Personal information
- Full name: Arthur Hoyle Smith
- Date of birth: 8 May 1915
- Place of birth: Walmersley, England
- Date of death: 21 August 2021 (aged 106)
- Place of death: Bolton, England
- Height: 5 ft 9 in (1.75 m)
- Position(s): Winger

Youth career
- 1934: Bury

Senior career*
- Years: Team / Apps / (Gls)
- 1934–1938: Bury / 4 / (0)
- 1938–1939: Leicester City / 10 / (2)
- Total:  / 14 / (2)

= Arthur Smith (footballer, born 1915) =

English footballer (1915–2021)

Arthur Hoyle Smith (8 May 1915 – 21 August 2021) was an English professional footballer. At age 106 he was, at the time of his death, the oldest living former professional Football League player.

==Career==
Smith's career started with Bury, where he signed as an amateur in November 1934. The following month, he made his debut for the club against Notts County, and turned out for the club three more times over the course of the 1934–35 season. In September 1935, Smith signed for Bury as a professional, but found himself playing regularly for the reserve side. As a result, he did not feature for the first team again, and in 1938, he joined Leicester City on a free transfer.

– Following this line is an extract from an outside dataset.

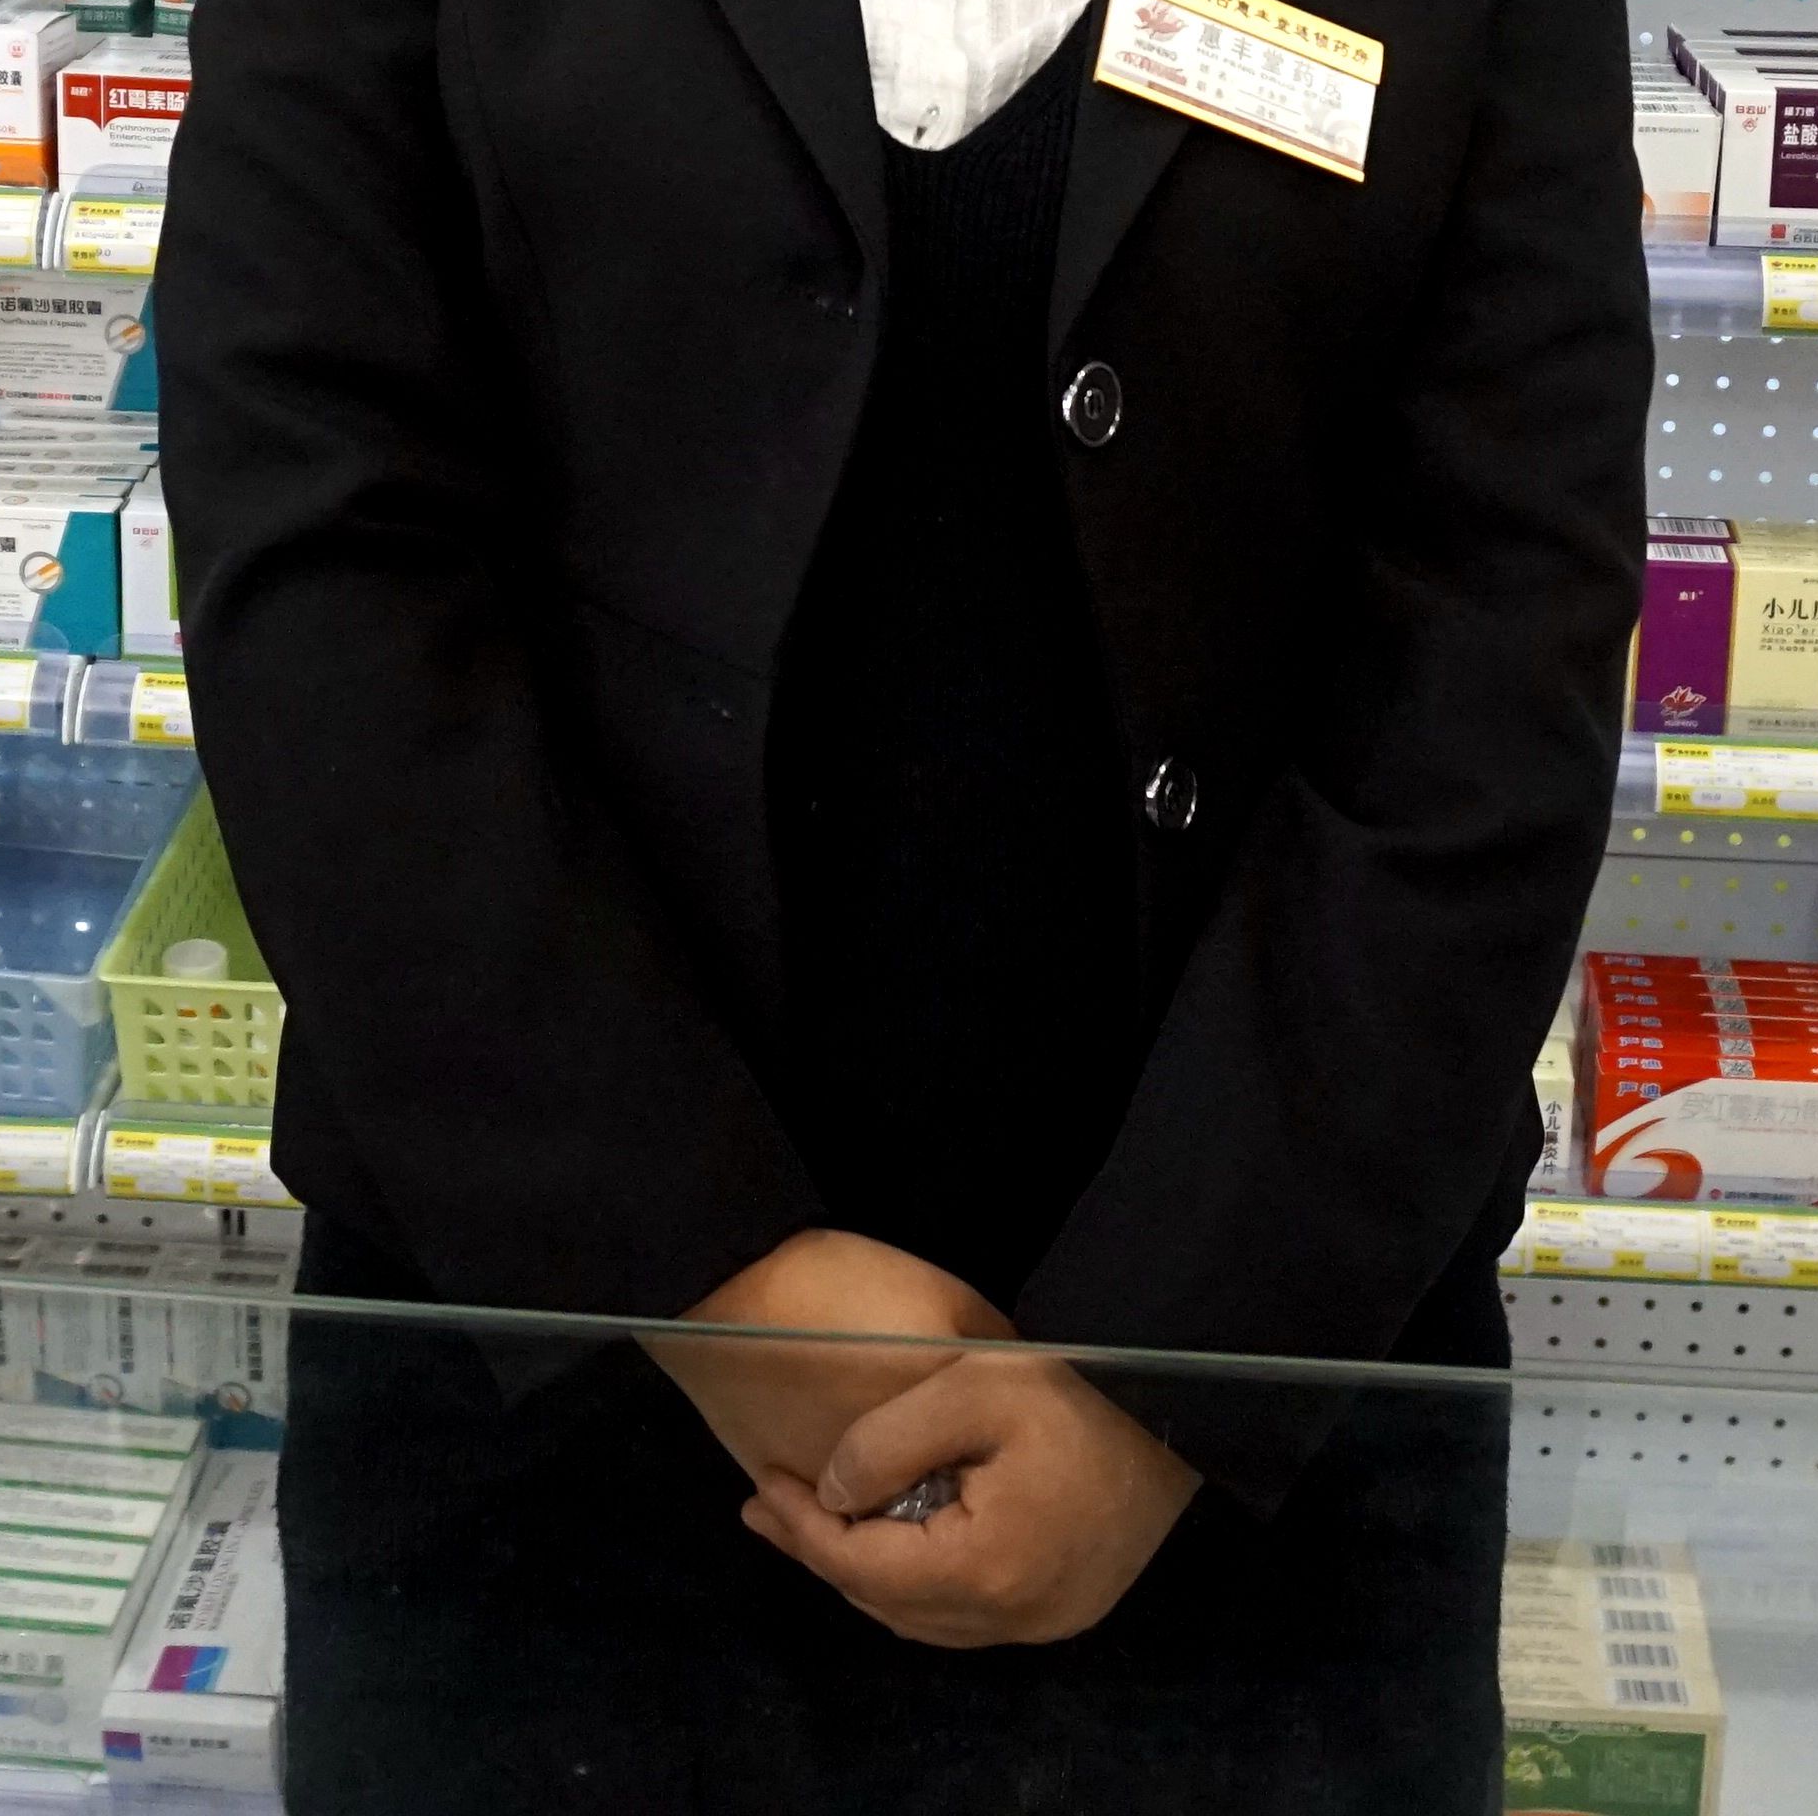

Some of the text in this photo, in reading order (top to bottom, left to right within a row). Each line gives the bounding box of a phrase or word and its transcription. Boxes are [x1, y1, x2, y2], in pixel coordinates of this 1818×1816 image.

[109, 87, 190, 110] 红霉素肠
[0, 295, 103, 316] 诺氟沙星胶囊
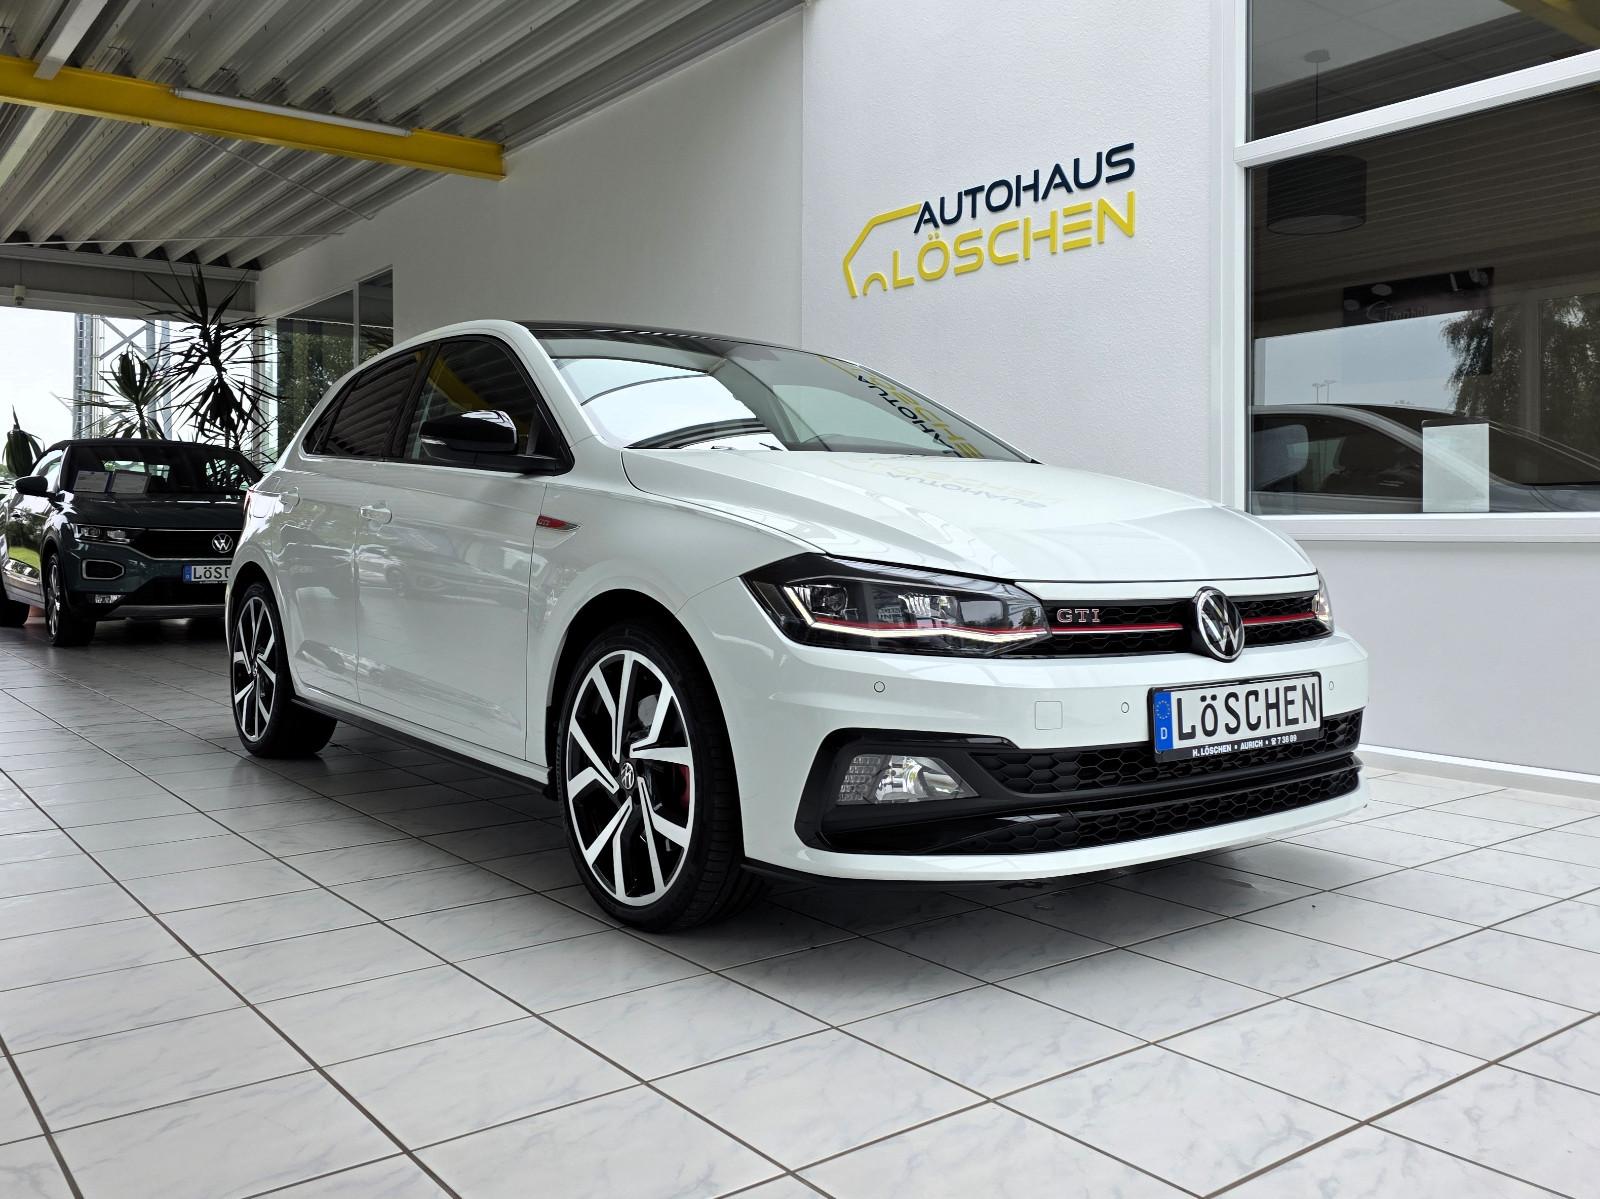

Smith's time at Leicester was brief, owing to the outbreak of the Second World War. In his first season with Leicester, he made eight appearances, and in his second, he made two more, with a brace against Manchester City. In the 1940–41 Wartime League, Smith then made five more appearances for the club, and although he was registered with Leicester until 1946, he never played another match for them.

From 1935 to 2015 (with the exception of five years' war service in the British Army), Smith was the organist and choirmaster at Christ Church, Walmersley. Because of his dedication to the church, he was awarded the British Empire Medal in the 2013 New Year Honours. He retired as organist on his 100th birthday. Smith died in Bolton in August 2021 at the age of 106.